======== Input records ========
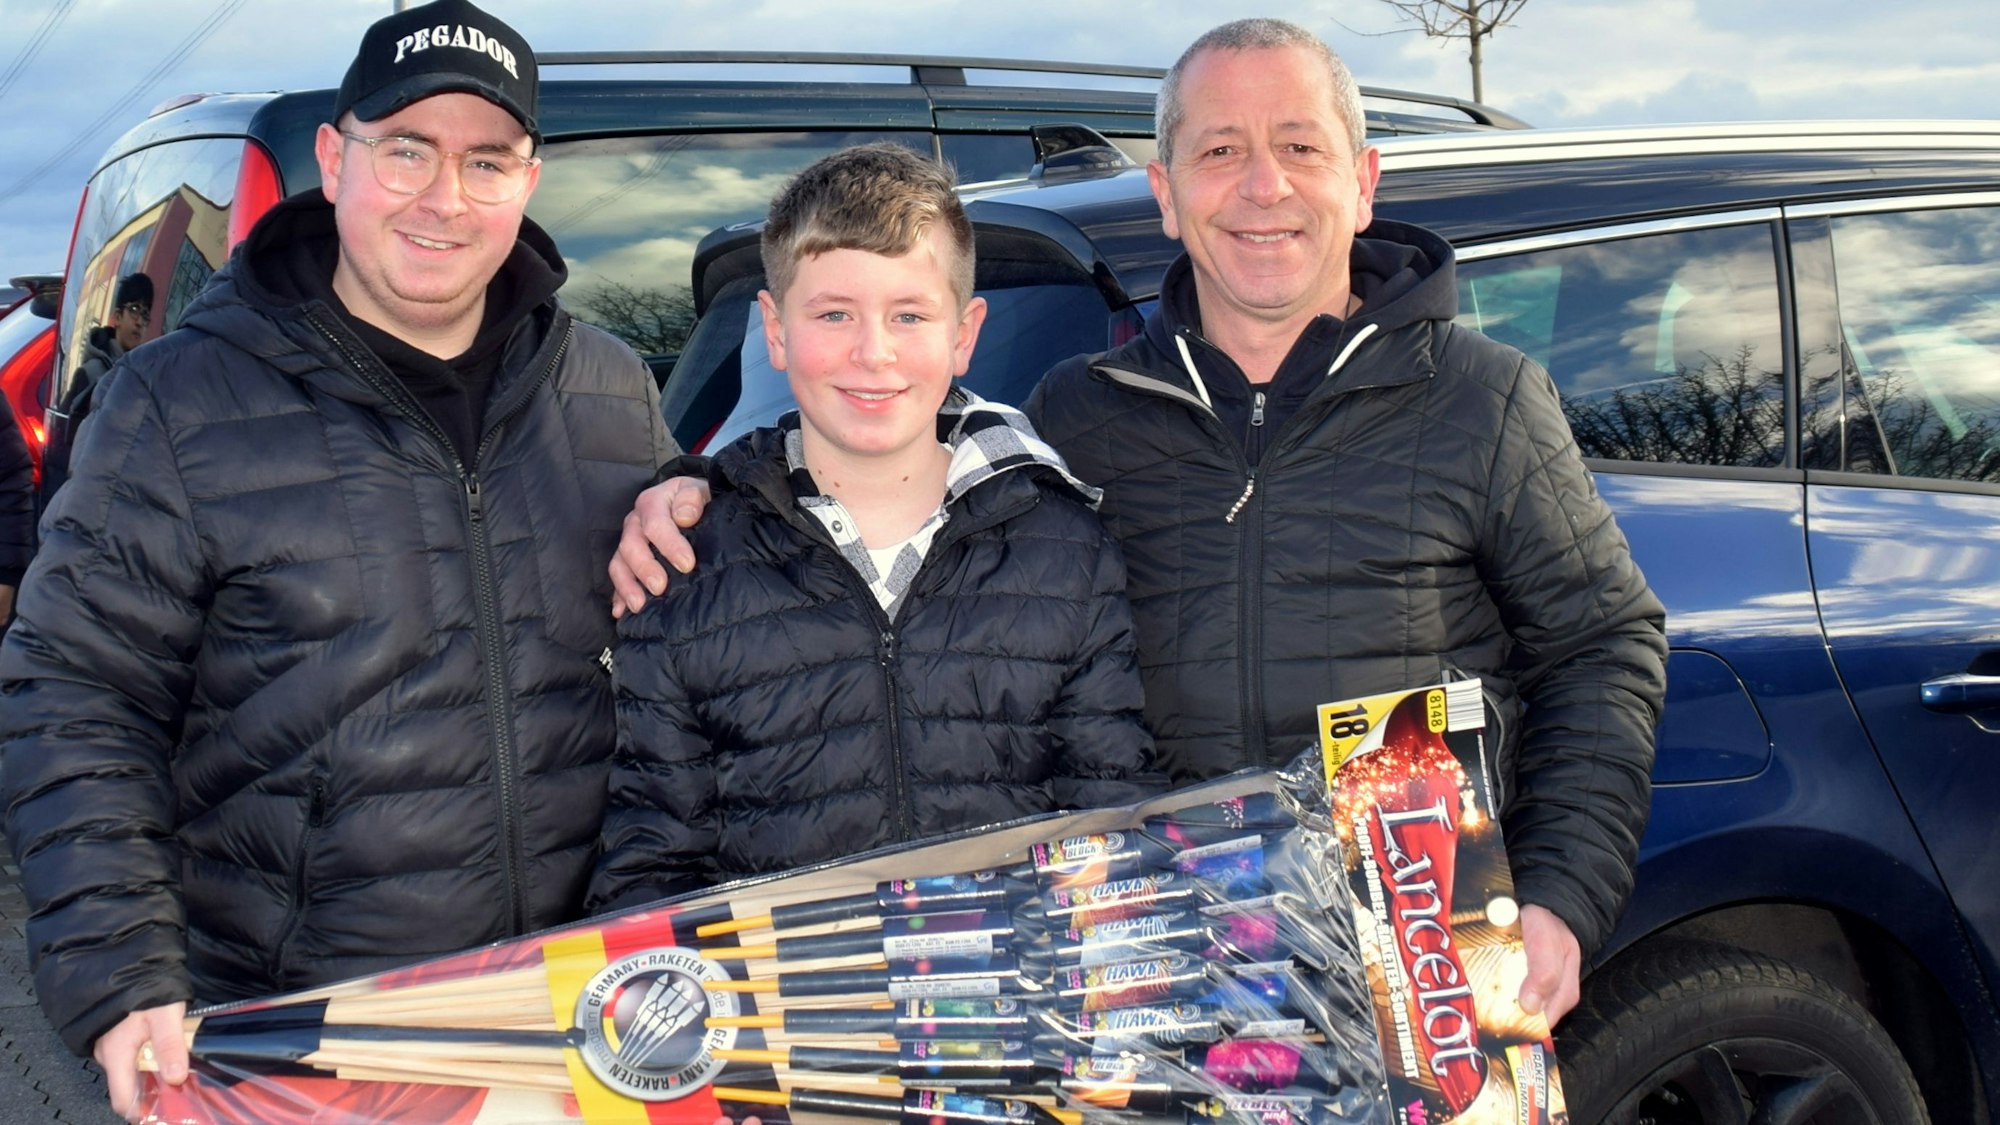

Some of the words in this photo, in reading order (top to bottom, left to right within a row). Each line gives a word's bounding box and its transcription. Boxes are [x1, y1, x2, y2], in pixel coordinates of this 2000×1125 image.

[394, 24, 519, 79] PEGADOR
[1330, 704, 1369, 739] 18
[1429, 695, 1443, 728] 8148
[1093, 879, 1144, 897] HAWK
[1353, 815, 1420, 1078] PROFI-BOMBEN-RAKETEN-SORTIMENT
[1375, 795, 1484, 1077] Lancelot
[588, 959, 640, 1007] GERMANY
[649, 954, 707, 976] RAKETEN
[1104, 961, 1157, 981] HAWK
[609, 1063, 670, 1091] RAKETEN
[1516, 1067, 1529, 1123] GERMANY
[1532, 1052, 1546, 1107] RAKETEN
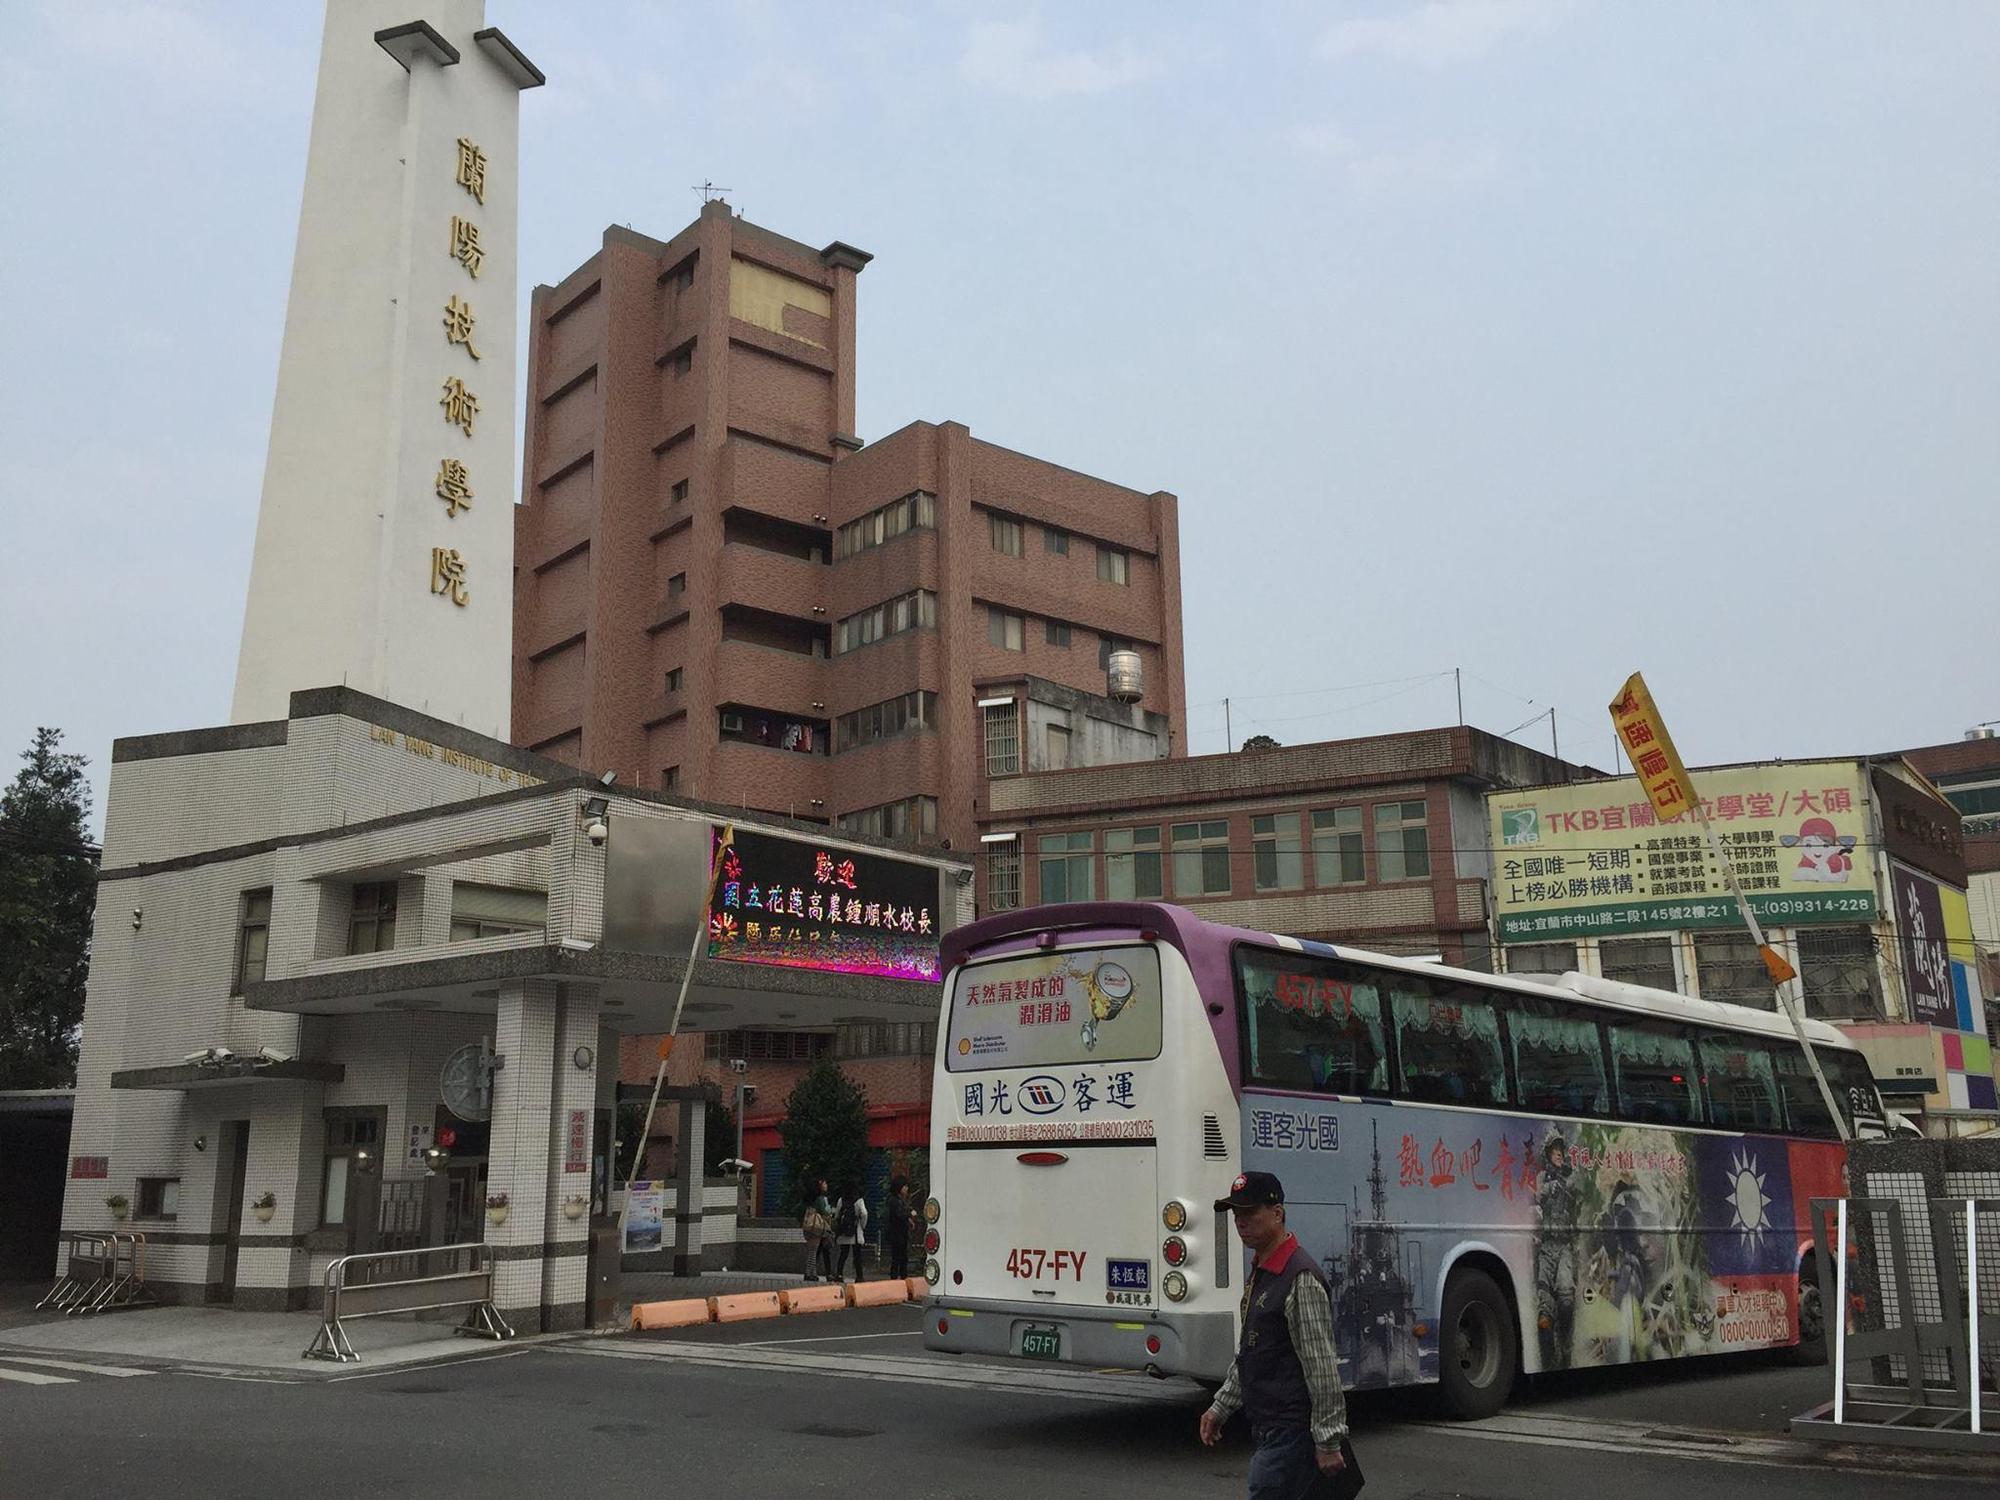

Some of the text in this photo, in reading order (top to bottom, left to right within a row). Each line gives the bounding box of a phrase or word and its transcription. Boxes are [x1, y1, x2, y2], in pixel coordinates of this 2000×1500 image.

[431, 136, 488, 608] 蘭陽技術學院
[370, 724, 396, 746] LAN
[405, 735, 433, 759] YANG
[441, 748, 494, 777] INSTITUTE
[1546, 788, 1853, 834] TKB宜蘭位學堂/大碩
[1647, 835, 1701, 851] 高普特考
[1719, 830, 1775, 846] 大學轉學
[814, 851, 857, 890] 歡迎
[1504, 849, 1630, 880] 全國唯一短期
[1648, 850, 1704, 866] 國營事業
[1650, 866, 1705, 881] 就業考試
[1506, 873, 1633, 904] 上榜必勝機構
[1651, 880, 1707, 896] 函授課程
[966, 976, 1066, 1007] 天然氣製成的
[1275, 970, 1353, 1018] 457-FY
[1019, 1001, 1072, 1026] 潤滑油
[964, 1071, 1137, 1116] 國光 客運
[1006, 1248, 1086, 1281] 457-FY
[1023, 1335, 1058, 1354] 457-FY
========
What is required.
The requested lines run from the one with "Some of the text" through the last line of the records. Return them exactly.

Solution for this task.
Some of the text in this photo, in reading order (top to bottom, left to right within a row). Each line gives the bounding box of a phrase or word and its transcription. Boxes are [x1, y1, x2, y2], in pixel coordinates of this 2000×1500 image.

[431, 136, 488, 608] 蘭陽技術學院
[370, 724, 396, 746] LAN
[405, 735, 433, 759] YANG
[441, 748, 494, 777] INSTITUTE
[1546, 788, 1853, 834] TKB宜蘭位學堂/大碩
[1647, 835, 1701, 851] 高普特考
[1719, 830, 1775, 846] 大學轉學
[814, 851, 857, 890] 歡迎
[1504, 849, 1630, 880] 全國唯一短期
[1648, 850, 1704, 866] 國營事業
[1650, 866, 1705, 881] 就業考試
[1506, 873, 1633, 904] 上榜必勝機構
[1651, 880, 1707, 896] 函授課程
[966, 976, 1066, 1007] 天然氣製成的
[1275, 970, 1353, 1018] 457-FY
[1019, 1001, 1072, 1026] 潤滑油
[964, 1071, 1137, 1116] 國光 客運
[1006, 1248, 1086, 1281] 457-FY
[1023, 1335, 1058, 1354] 457-FY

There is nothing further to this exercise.